### Work to be completed
Each record should be copied exactly, and none of them omitted.

### Spatial localization data
○ ○ ○ ○
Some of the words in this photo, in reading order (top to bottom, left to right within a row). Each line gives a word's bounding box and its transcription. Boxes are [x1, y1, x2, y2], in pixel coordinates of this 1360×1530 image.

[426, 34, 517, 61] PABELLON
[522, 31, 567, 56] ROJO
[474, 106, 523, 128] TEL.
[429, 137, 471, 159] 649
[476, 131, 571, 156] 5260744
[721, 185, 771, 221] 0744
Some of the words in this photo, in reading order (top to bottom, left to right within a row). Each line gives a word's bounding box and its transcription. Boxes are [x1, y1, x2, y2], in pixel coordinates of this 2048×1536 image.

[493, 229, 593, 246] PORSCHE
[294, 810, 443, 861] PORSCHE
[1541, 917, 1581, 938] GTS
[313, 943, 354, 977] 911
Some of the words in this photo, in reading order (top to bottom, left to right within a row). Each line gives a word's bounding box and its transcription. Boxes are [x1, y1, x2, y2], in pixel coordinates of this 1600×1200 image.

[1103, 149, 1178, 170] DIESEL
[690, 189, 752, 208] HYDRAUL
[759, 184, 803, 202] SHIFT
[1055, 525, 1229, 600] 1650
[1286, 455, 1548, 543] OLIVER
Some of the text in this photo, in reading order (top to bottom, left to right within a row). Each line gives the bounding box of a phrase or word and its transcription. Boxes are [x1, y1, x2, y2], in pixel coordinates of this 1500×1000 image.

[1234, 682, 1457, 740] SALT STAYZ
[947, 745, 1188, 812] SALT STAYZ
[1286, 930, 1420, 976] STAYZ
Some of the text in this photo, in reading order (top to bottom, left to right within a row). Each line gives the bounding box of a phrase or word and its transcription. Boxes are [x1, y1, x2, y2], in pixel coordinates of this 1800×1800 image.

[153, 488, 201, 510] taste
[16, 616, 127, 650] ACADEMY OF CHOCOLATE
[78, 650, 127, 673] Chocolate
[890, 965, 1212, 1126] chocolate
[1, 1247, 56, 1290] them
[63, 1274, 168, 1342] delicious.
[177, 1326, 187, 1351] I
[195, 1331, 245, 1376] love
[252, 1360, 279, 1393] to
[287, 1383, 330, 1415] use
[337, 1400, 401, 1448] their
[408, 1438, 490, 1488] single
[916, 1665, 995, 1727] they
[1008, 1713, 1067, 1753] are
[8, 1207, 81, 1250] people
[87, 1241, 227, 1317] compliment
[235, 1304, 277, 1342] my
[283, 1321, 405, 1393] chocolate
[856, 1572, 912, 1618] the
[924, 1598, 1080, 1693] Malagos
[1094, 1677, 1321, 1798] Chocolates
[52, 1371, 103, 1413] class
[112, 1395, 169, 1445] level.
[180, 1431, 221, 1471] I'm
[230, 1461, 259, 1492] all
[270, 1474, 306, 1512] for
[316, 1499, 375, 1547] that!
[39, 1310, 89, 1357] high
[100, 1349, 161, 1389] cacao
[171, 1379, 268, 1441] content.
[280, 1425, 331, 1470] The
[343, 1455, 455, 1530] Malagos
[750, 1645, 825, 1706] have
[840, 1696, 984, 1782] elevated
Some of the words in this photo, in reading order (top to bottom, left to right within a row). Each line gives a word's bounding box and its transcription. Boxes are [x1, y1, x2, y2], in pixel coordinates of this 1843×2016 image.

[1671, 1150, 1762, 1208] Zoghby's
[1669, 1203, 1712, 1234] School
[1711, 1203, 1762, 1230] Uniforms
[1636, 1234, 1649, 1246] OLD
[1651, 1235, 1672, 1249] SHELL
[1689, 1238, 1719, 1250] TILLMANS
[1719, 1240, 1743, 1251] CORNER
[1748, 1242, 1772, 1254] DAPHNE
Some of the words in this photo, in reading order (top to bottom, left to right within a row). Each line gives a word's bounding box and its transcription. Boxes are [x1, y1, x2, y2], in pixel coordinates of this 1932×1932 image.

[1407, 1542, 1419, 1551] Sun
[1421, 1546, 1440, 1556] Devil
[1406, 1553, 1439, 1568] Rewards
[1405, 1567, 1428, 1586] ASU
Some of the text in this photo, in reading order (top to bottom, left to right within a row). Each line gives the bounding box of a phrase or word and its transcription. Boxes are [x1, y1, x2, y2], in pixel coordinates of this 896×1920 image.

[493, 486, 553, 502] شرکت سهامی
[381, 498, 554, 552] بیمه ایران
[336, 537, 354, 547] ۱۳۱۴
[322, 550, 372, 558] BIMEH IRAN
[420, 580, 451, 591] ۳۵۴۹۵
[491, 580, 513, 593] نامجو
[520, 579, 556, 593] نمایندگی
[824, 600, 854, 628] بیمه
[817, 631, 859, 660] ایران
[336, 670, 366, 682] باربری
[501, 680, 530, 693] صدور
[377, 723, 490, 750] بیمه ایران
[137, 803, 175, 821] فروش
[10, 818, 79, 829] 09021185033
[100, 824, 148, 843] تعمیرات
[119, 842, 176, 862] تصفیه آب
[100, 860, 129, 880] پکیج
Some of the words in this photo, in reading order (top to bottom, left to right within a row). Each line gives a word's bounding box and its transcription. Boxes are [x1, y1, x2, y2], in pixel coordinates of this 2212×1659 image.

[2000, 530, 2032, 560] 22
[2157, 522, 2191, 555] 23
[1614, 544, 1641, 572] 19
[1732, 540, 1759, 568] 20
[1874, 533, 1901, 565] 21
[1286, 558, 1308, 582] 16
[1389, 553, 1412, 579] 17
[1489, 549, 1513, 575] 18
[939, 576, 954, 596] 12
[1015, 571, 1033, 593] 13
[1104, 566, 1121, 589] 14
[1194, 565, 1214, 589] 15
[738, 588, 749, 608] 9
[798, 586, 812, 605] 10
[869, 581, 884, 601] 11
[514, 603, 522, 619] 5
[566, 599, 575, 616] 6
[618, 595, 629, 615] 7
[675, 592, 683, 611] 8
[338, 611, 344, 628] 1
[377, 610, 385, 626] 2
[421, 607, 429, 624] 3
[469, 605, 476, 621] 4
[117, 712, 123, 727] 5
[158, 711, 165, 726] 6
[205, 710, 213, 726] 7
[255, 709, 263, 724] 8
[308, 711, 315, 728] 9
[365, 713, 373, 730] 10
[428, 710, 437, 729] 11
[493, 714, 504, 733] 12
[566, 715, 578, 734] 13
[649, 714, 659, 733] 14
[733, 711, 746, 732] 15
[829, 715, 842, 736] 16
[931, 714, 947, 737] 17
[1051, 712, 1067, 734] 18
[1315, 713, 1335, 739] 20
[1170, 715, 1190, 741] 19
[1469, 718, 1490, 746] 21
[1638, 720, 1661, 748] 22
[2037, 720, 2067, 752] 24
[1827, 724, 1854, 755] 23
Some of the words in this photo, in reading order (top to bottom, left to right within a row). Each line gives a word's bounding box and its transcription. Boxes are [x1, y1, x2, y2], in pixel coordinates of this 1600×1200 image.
○ ○ ○ ○
### Task result
Some of the words in this photo, in reading order (top to bottom, left to right within a row). Each line gives a word's bounding box and its transcription. Boxes are [x1, y1, x2, y2], in pixel coordinates of this 1360×1530 image.

[426, 34, 517, 61] PABELLON
[522, 31, 567, 56] ROJO
[474, 106, 523, 128] TEL.
[429, 137, 471, 159] 649
[476, 131, 571, 156] 5260744
[721, 185, 771, 221] 0744
Some of the words in this photo, in reading order (top to bottom, left to right within a row). Each line gives a word's bounding box and its transcription. Boxes are [x1, y1, x2, y2], in pixel coordinates of this 2048×1536 image.

[493, 229, 593, 246] PORSCHE
[294, 810, 443, 861] PORSCHE
[1541, 917, 1581, 938] GTS
[313, 943, 354, 977] 911
Some of the words in this photo, in reading order (top to bottom, left to right within a row). Each line gives a word's bounding box and its transcription. Boxes are [x1, y1, x2, y2], in pixel coordinates of this 1600×1200 image.

[1103, 149, 1178, 170] DIESEL
[690, 189, 752, 208] HYDRAUL
[759, 184, 803, 202] SHIFT
[1055, 525, 1229, 600] 1650
[1286, 455, 1548, 543] OLIVER
Some of the text in this photo, in reading order (top to bottom, left to right within a row). Each line gives the bounding box of a phrase or word and its transcription. Boxes are [x1, y1, x2, y2], in pixel coordinates of this 1500×1000 image.

[1234, 682, 1457, 740] SALT STAYZ
[947, 745, 1188, 812] SALT STAYZ
[1286, 930, 1420, 976] STAYZ
Some of the text in this photo, in reading order (top to bottom, left to right within a row). Each line gives the bounding box of a phrase or word and its transcription. Boxes are [x1, y1, x2, y2], in pixel coordinates of this 1800×1800 image.

[153, 488, 201, 510] taste
[16, 616, 127, 650] ACADEMY OF CHOCOLATE
[78, 650, 127, 673] Chocolate
[890, 965, 1212, 1126] chocolate
[1, 1247, 56, 1290] them
[63, 1274, 168, 1342] delicious.
[177, 1326, 187, 1351] I
[195, 1331, 245, 1376] love
[252, 1360, 279, 1393] to
[287, 1383, 330, 1415] use
[337, 1400, 401, 1448] their
[408, 1438, 490, 1488] single
[916, 1665, 995, 1727] they
[1008, 1713, 1067, 1753] are
[8, 1207, 81, 1250] people
[87, 1241, 227, 1317] compliment
[235, 1304, 277, 1342] my
[283, 1321, 405, 1393] chocolate
[856, 1572, 912, 1618] the
[924, 1598, 1080, 1693] Malagos
[1094, 1677, 1321, 1798] Chocolates
[52, 1371, 103, 1413] class
[112, 1395, 169, 1445] level.
[180, 1431, 221, 1471] I'm
[230, 1461, 259, 1492] all
[270, 1474, 306, 1512] for
[316, 1499, 375, 1547] that!
[39, 1310, 89, 1357] high
[100, 1349, 161, 1389] cacao
[171, 1379, 268, 1441] content.
[280, 1425, 331, 1470] The
[343, 1455, 455, 1530] Malagos
[750, 1645, 825, 1706] have
[840, 1696, 984, 1782] elevated
Some of the words in this photo, in reading order (top to bottom, left to right within a row). Each line gives a word's bounding box and its transcription. Boxes are [x1, y1, x2, y2], in pixel coordinates of this 1843×2016 image.

[1671, 1150, 1762, 1208] Zoghby's
[1669, 1203, 1712, 1234] School
[1711, 1203, 1762, 1230] Uniforms
[1636, 1234, 1649, 1246] OLD
[1651, 1235, 1672, 1249] SHELL
[1689, 1238, 1719, 1250] TILLMANS
[1719, 1240, 1743, 1251] CORNER
[1748, 1242, 1772, 1254] DAPHNE
Some of the words in this photo, in reading order (top to bottom, left to right within a row). Each line gives a word's bounding box and its transcription. Boxes are [x1, y1, x2, y2], in pixel coordinates of this 1932×1932 image.

[1407, 1542, 1419, 1551] Sun
[1421, 1546, 1440, 1556] Devil
[1406, 1553, 1439, 1568] Rewards
[1405, 1567, 1428, 1586] ASU
Some of the text in this photo, in reading order (top to bottom, left to right within a row). Each line gives the bounding box of a phrase or word and its transcription. Boxes are [x1, y1, x2, y2], in pixel coordinates of this 896×1920 image.

[493, 486, 553, 502] شرکت سهامی
[381, 498, 554, 552] بیمه ایران
[336, 537, 354, 547] ۱۳۱۴
[322, 550, 372, 558] BIMEH IRAN
[420, 580, 451, 591] ۳۵۴۹۵
[491, 580, 513, 593] نامجو
[520, 579, 556, 593] نمایندگی
[824, 600, 854, 628] بیمه
[817, 631, 859, 660] ایران
[336, 670, 366, 682] باربری
[501, 680, 530, 693] صدور
[377, 723, 490, 750] بیمه ایران
[137, 803, 175, 821] فروش
[10, 818, 79, 829] 09021185033
[100, 824, 148, 843] تعمیرات
[119, 842, 176, 862] تصفیه آب
[100, 860, 129, 880] پکیج
Some of the words in this photo, in reading order (top to bottom, left to right within a row). Each line gives a word's bounding box and its transcription. Boxes are [x1, y1, x2, y2], in pixel coordinates of this 2212×1659 image.

[2000, 530, 2032, 560] 22
[2157, 522, 2191, 555] 23
[1614, 544, 1641, 572] 19
[1732, 540, 1759, 568] 20
[1874, 533, 1901, 565] 21
[1286, 558, 1308, 582] 16
[1389, 553, 1412, 579] 17
[1489, 549, 1513, 575] 18
[939, 576, 954, 596] 12
[1015, 571, 1033, 593] 13
[1104, 566, 1121, 589] 14
[1194, 565, 1214, 589] 15
[738, 588, 749, 608] 9
[798, 586, 812, 605] 10
[869, 581, 884, 601] 11
[514, 603, 522, 619] 5
[566, 599, 575, 616] 6
[618, 595, 629, 615] 7
[675, 592, 683, 611] 8
[338, 611, 344, 628] 1
[377, 610, 385, 626] 2
[421, 607, 429, 624] 3
[469, 605, 476, 621] 4
[117, 712, 123, 727] 5
[158, 711, 165, 726] 6
[205, 710, 213, 726] 7
[255, 709, 263, 724] 8
[308, 711, 315, 728] 9
[365, 713, 373, 730] 10
[428, 710, 437, 729] 11
[493, 714, 504, 733] 12
[566, 715, 578, 734] 13
[649, 714, 659, 733] 14
[733, 711, 746, 732] 15
[829, 715, 842, 736] 16
[931, 714, 947, 737] 17
[1051, 712, 1067, 734] 18
[1315, 713, 1335, 739] 20
[1170, 715, 1190, 741] 19
[1469, 718, 1490, 746] 21
[1638, 720, 1661, 748] 22
[2037, 720, 2067, 752] 24
[1827, 724, 1854, 755] 23
Some of the words in this photo, in reading order (top to bottom, left to right within a row). Each line gives a word's bounding box and its transcription. Boxes are [x1, y1, x2, y2], in pixel coordinates of this 1600×1200 image.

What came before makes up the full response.